You’ve no doubt heard the adage that “hard cases make bad law.” McBride v. Bennett is emphatically a hard case, and in my view, the law it makes is beyond bad. I sometimes disagree with the justices, and I don’t hesitate to say so in this space. But there have been few previous decisions in which I believe the court has made a mistake this profound.
This is a wrongful-death appeal that turns on an issue of public-employee immunity. The defendants are two Norfolk police officers. In the wee hours of a July night, Officer A got a call to transport a prisoner. Moments later, he heard a dispatcher assign Officer B to investigate a domestic-disturbance call in an area of the city that’s just east of downtown. Under Police Department policy, officers responding to domestic calls must have backup. Officer A knew that the designated backup for Officer B was across the city, so he decided to act as backup instead of picking up the prisoner.

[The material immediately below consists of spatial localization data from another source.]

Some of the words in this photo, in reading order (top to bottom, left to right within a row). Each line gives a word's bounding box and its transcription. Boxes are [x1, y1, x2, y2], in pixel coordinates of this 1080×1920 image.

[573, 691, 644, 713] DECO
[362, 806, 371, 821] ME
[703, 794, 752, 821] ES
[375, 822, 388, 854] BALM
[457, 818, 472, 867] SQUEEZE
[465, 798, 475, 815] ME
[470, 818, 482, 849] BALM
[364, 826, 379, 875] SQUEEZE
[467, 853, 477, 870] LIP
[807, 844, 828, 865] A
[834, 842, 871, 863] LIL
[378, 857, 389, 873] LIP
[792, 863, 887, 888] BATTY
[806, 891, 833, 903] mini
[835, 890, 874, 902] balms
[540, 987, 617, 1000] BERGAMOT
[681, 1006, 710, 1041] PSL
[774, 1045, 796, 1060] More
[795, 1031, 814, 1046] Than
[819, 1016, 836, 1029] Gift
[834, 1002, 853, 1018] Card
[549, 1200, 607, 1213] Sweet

In order to get to the site of the disturbance, the officers had to cross the Campostella Bridge, which crosses the Eastern Branch of the Elizabeth River. When I grew up here in Tidewater, the Campostella Bridge was much lower than it is now; the current span is a high arch that allows shipping traffic to pass under without requiring a bridge lift.

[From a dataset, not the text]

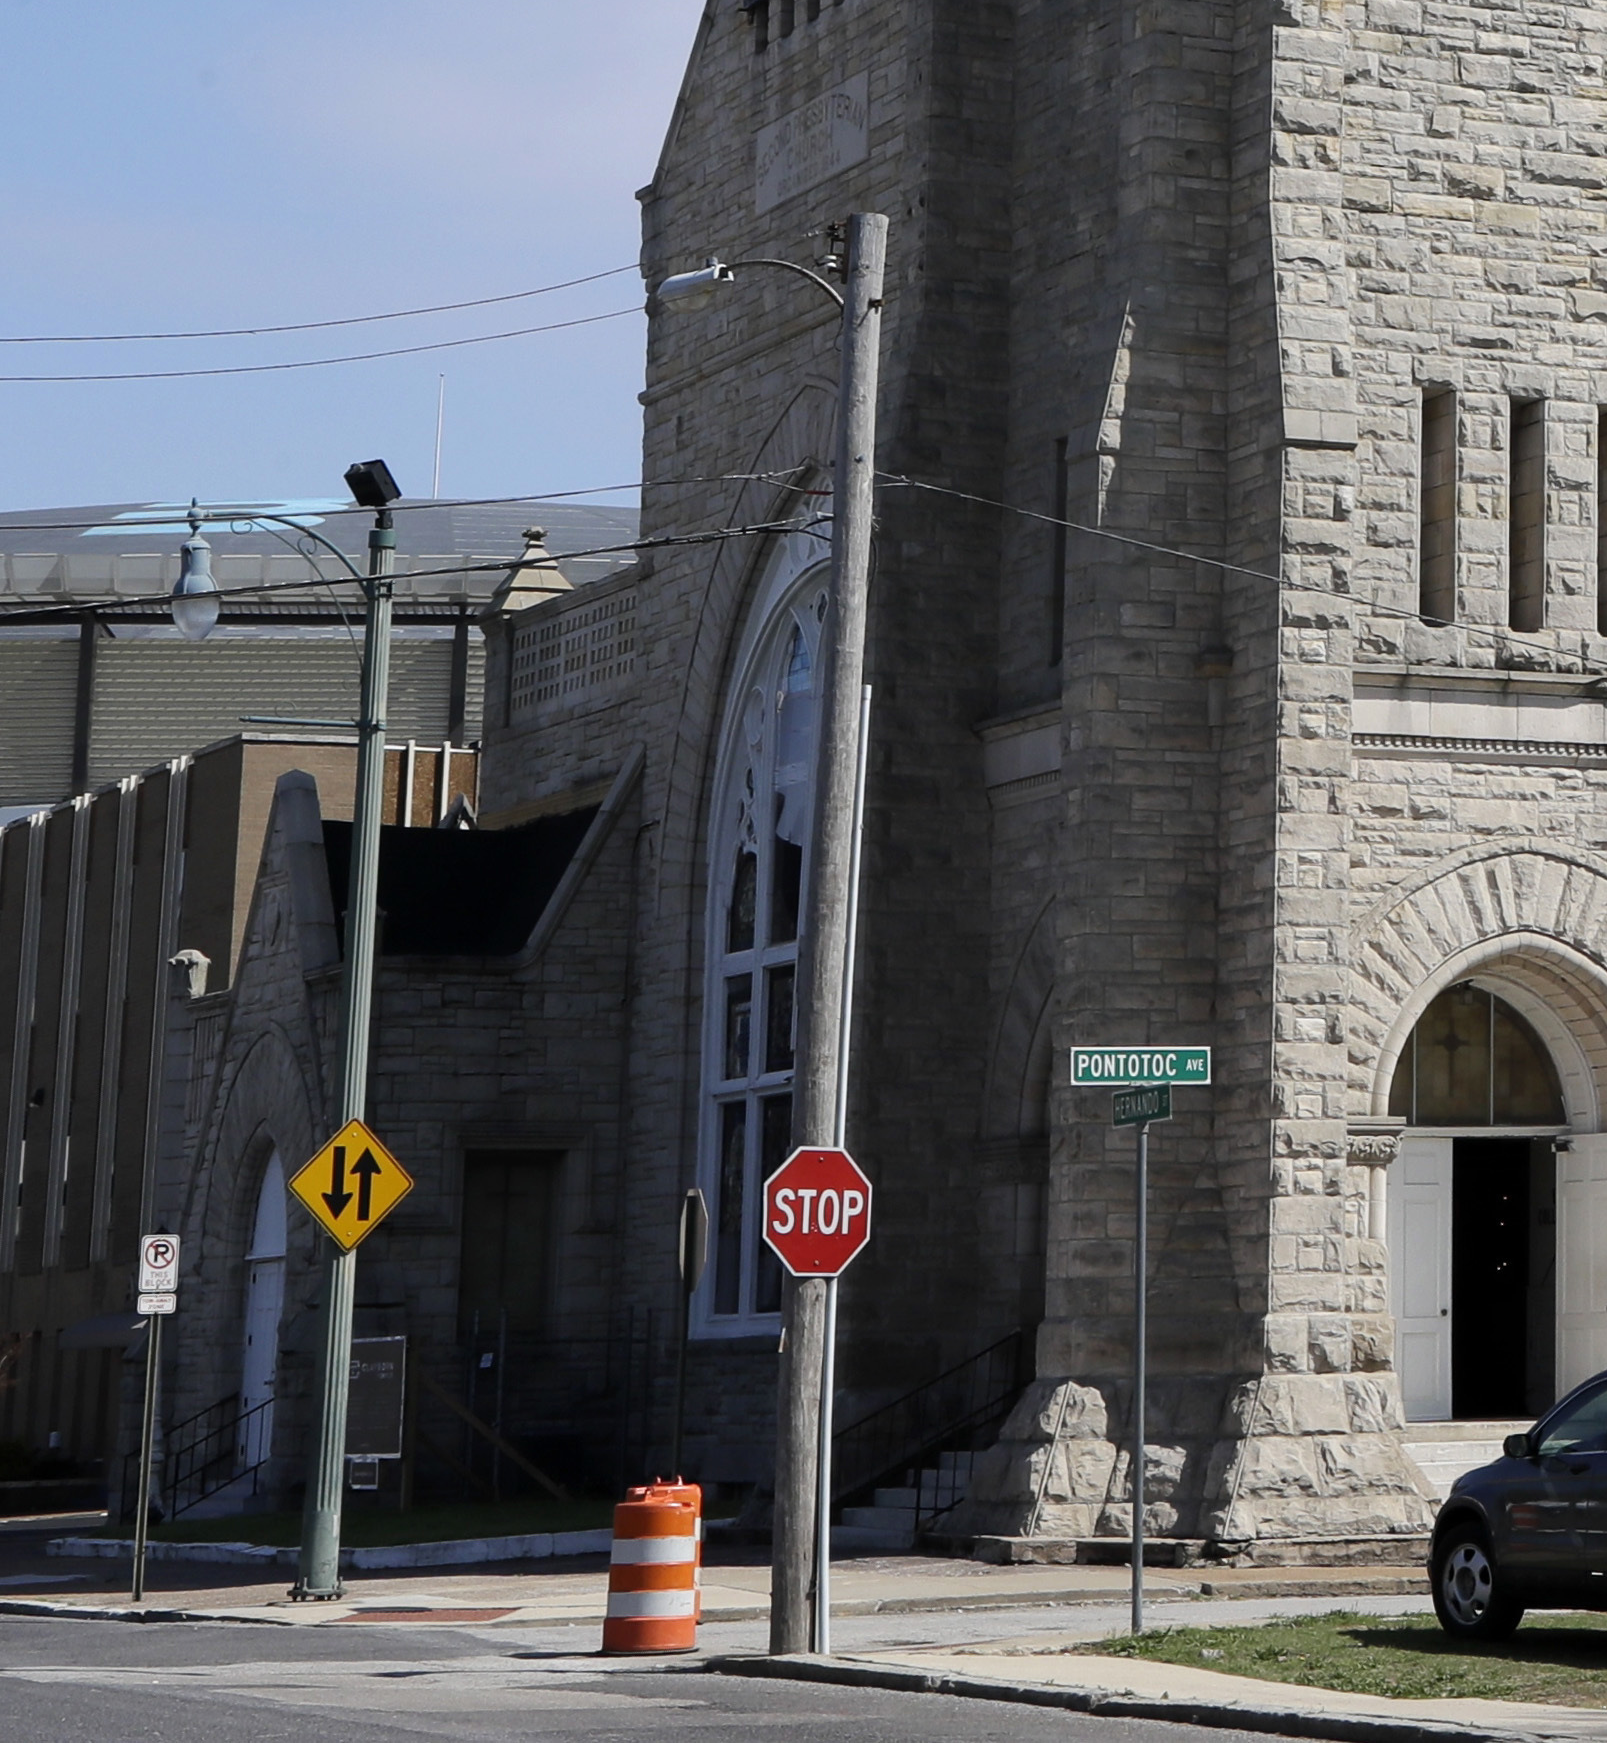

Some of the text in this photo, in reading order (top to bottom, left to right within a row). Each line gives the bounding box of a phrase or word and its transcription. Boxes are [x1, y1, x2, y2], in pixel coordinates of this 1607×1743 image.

The officers drove north across the bridge, accelerating through the ascent to speeds around 60 mph, greatly exceeding the 30-mph limit. Neither officer used emergency lights or a siren. When they crested the top of the bridge, Officer B slowed a bit. Suddenly, he saw a bicyclist in his lane. He brought his car to a stop as the no-doubt startled bicyclist, surprised to see two vehicles approaching at very high speed, veered into another lane. It was there that Officer A’s police car struck and killed the bicyclist.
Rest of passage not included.